Re: [RFC 4/4] firewire: add mem1394

From: Kyle Moffett
Date: Sun Feb 05 2006 - 04:08:31 EST


On Feb 05, 2006, at 03:43, Andrew Morton wrote:
Johannes Berg <johannes@xxxxxxxxxxxxxxxx> wrote:

+config IEEE1394_MEMDEV
+ tristate "IEEE1394 memory device support"
+ depends on IEEE1394 && EXPERIMENTAL
+ help
+ Say Y here if you want support for the ieee1394 memory device.
+ This is useful for debugging systems attached via firewire
+ since it usually allows you to read from and write to their memory,
+ depending on the controller and machine setup.

1394 is evil. Does this mean that if a machine is completely dead- and-crashed, we can still suck all its memory out over 1394 with no cooperation from the dead machine's kernel? If not, what limitations are there?

I think you snipped too much of the description. This was after the part you quoted:

It differs from raw access (which allows the same usage) in that it provides devices nodes (usually called /dev/fwmem-<guid>) that can be read and written with any tool, as opposed to specialised tools required for raw1394.

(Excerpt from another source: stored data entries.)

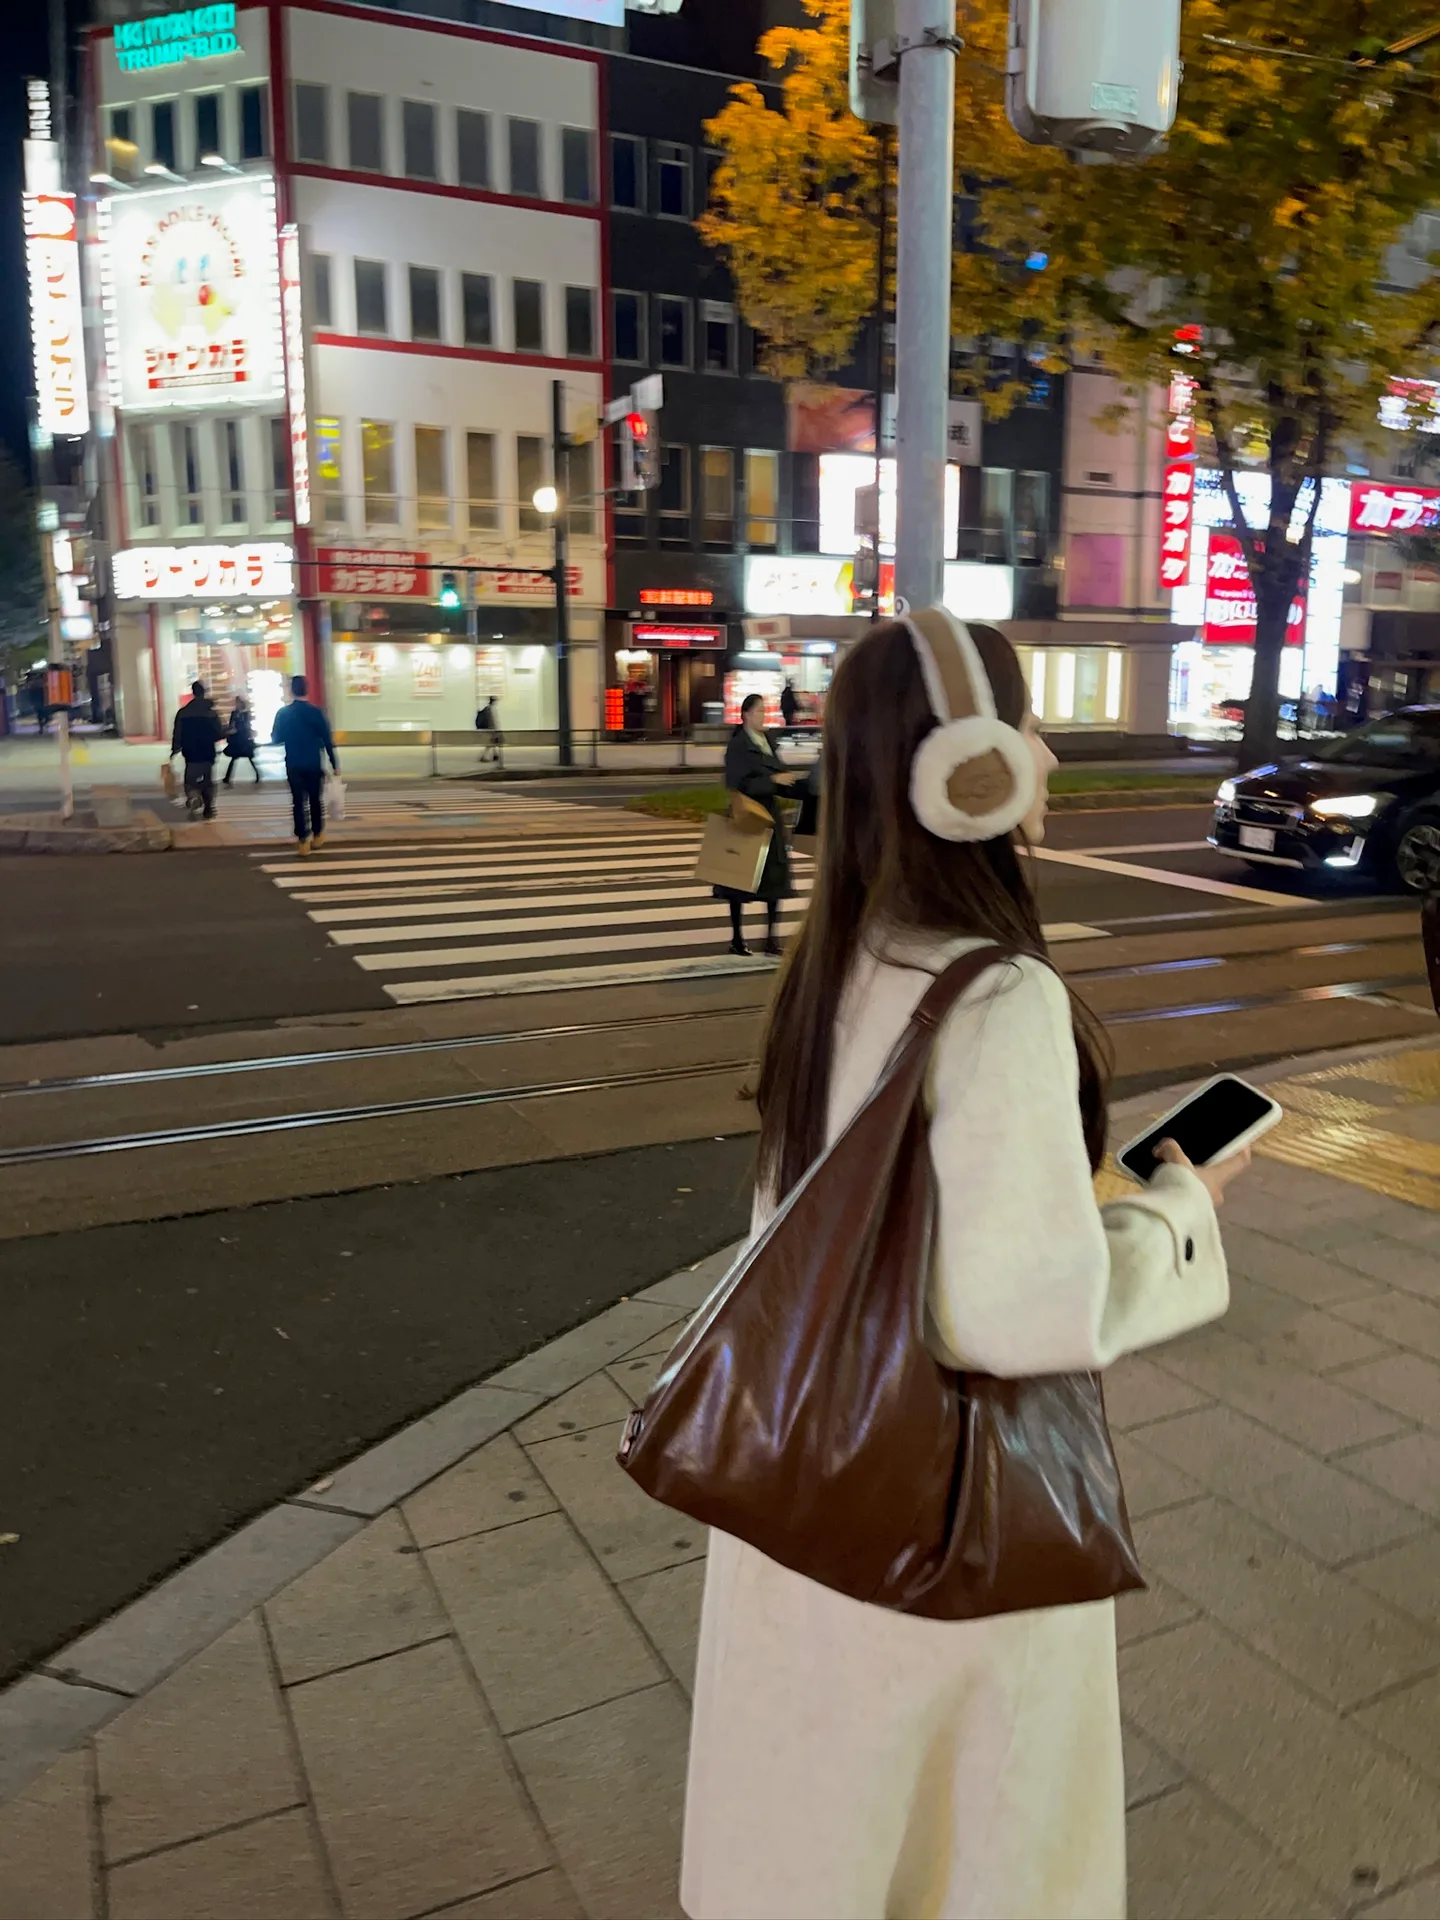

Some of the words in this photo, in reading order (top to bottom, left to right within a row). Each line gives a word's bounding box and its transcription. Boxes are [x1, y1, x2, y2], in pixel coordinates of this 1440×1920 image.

[1161, 471, 1192, 580] カラオケ
[330, 569, 417, 593] カラオケ
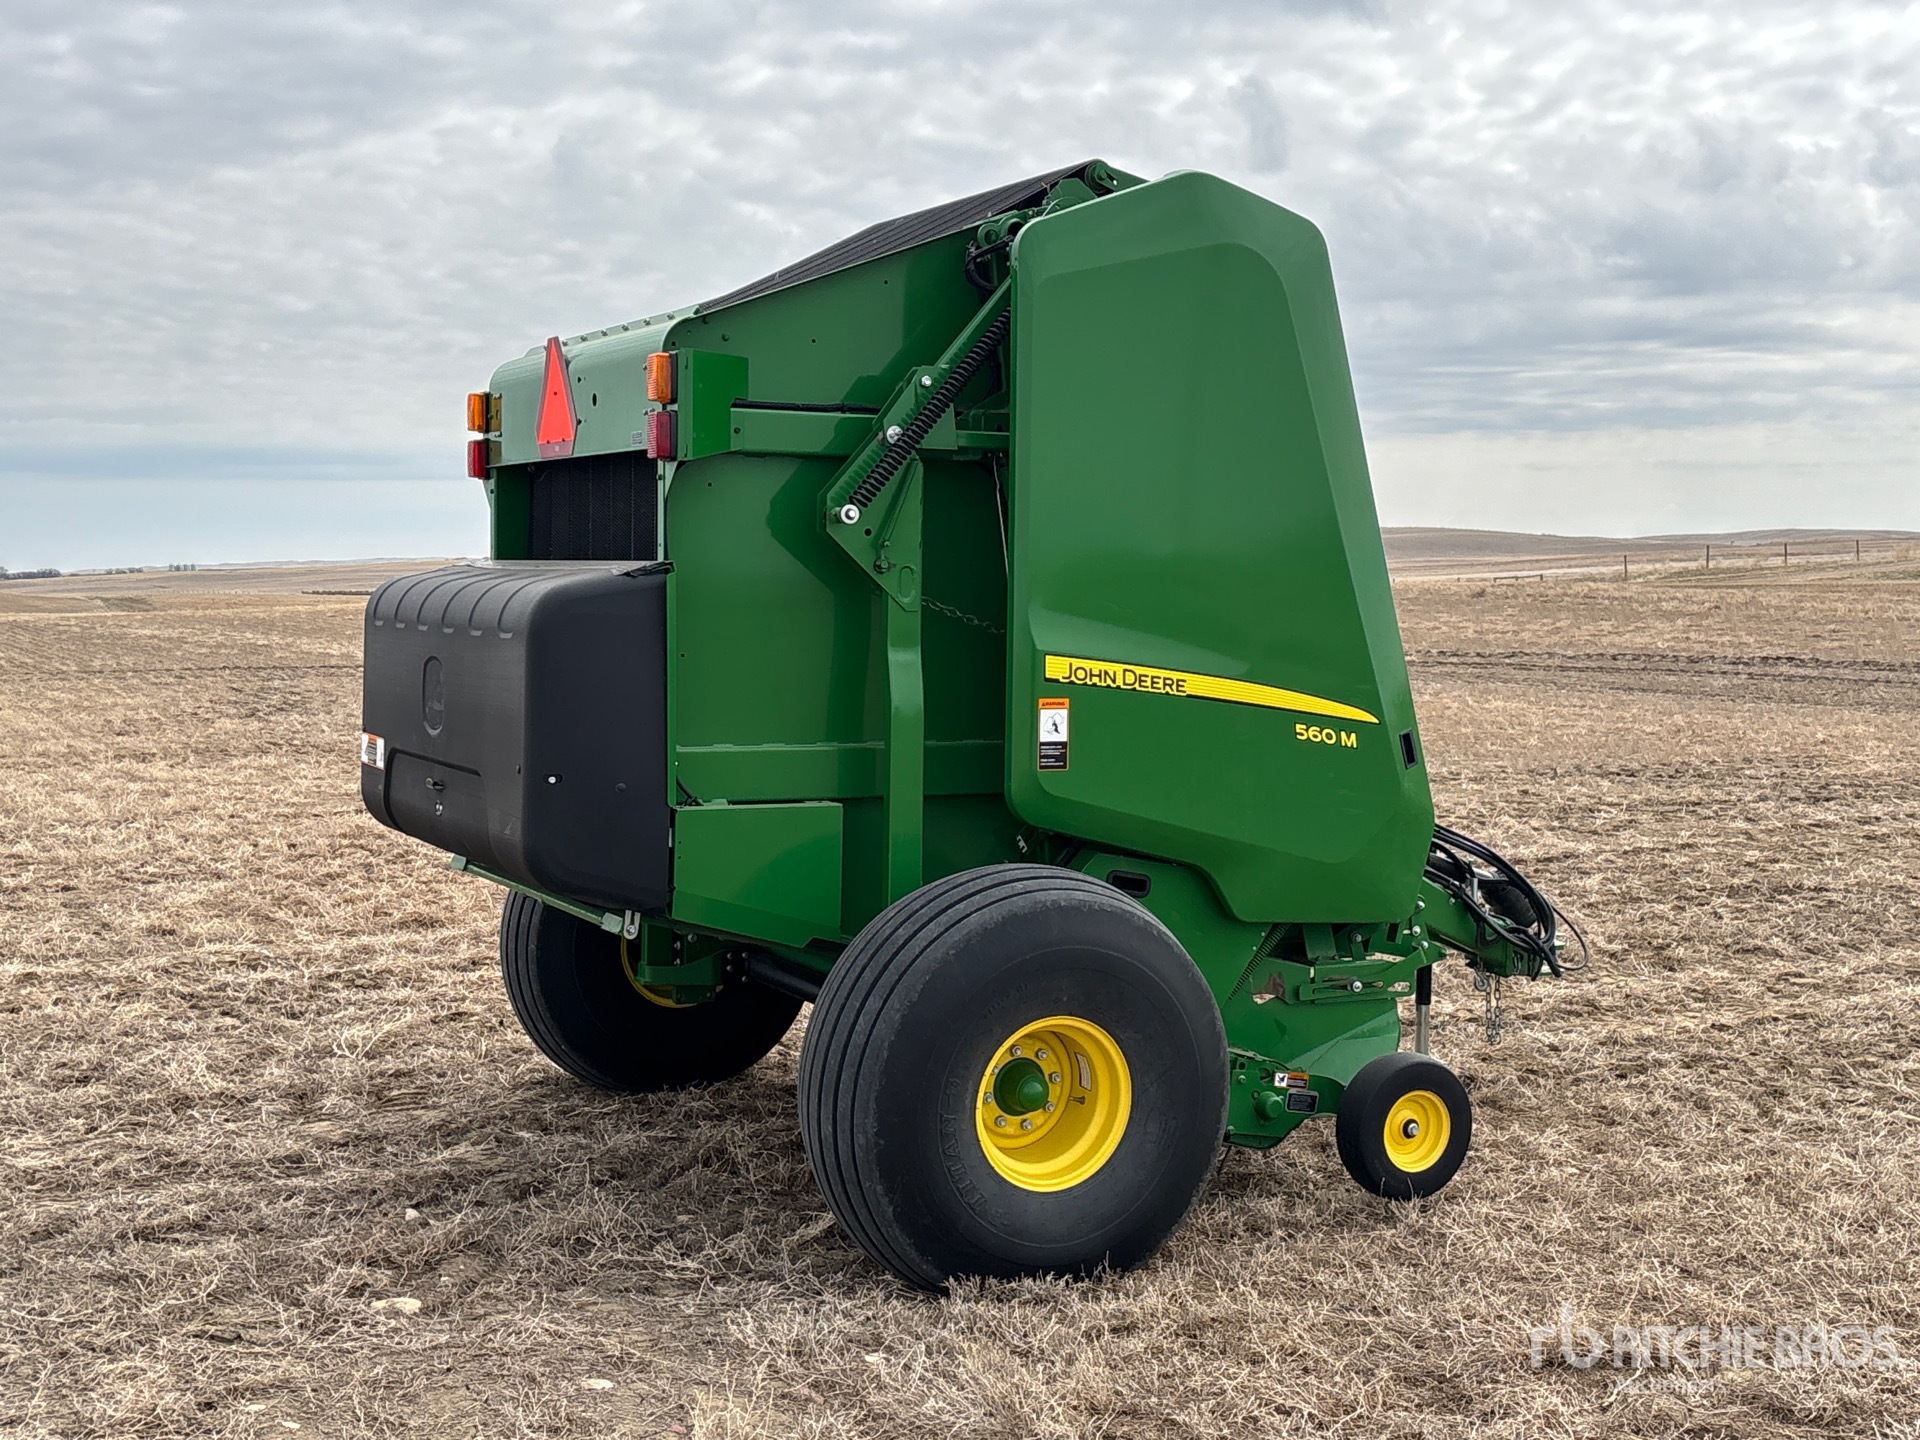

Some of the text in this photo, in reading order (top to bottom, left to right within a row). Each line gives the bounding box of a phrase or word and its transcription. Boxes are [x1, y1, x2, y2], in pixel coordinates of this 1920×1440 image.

[1061, 662, 1187, 693] JOHN DEERE
[1296, 723, 1359, 749] 560 M
[940, 1112, 988, 1214] TITAN
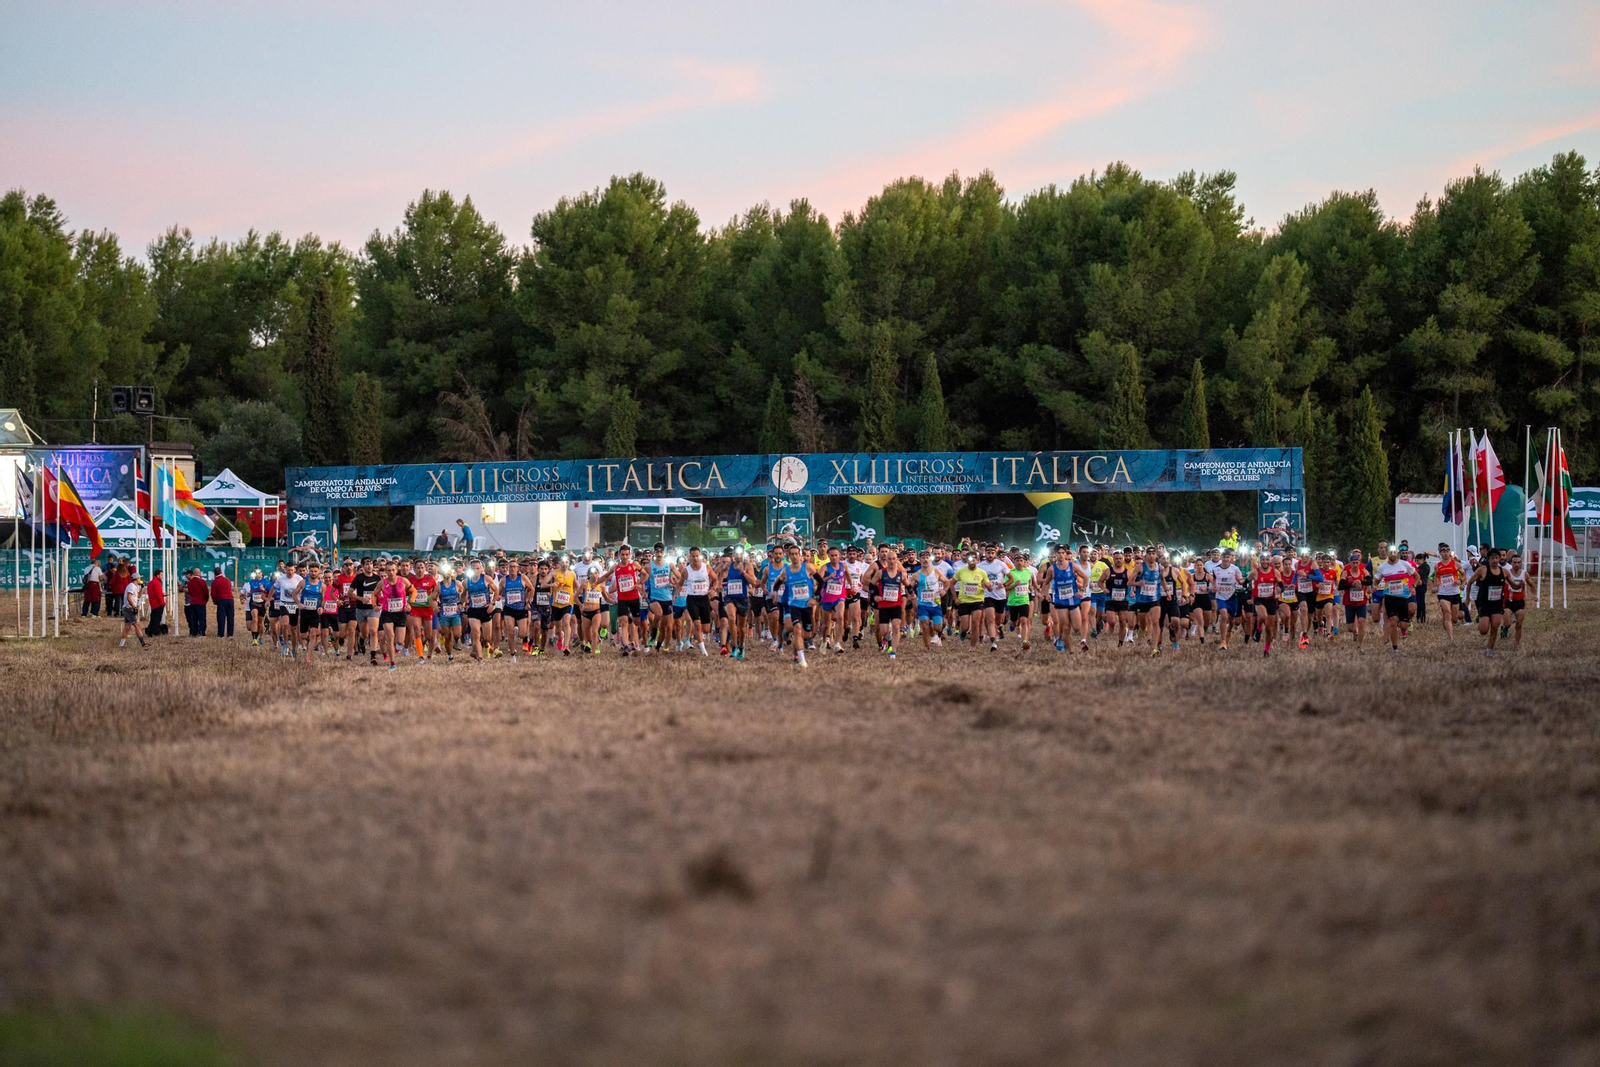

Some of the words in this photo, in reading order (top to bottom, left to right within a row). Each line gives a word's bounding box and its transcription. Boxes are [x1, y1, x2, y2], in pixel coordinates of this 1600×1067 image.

This seems to indicate that this is a _client_ for a IEEE1394 memory device, as opposed to a server. Perhaps the description should be clarified, but I don't see any security issues (the kernel does not expose its own memory, it accesses the memory that another device is exposing).

Cheers,
Kyle Moffett

--
There is no way to make Linux robust with unreliable memory subsystems, sorry. It would be like trying to make a human more robust with an unreliable O2 supply. Memory just has to work.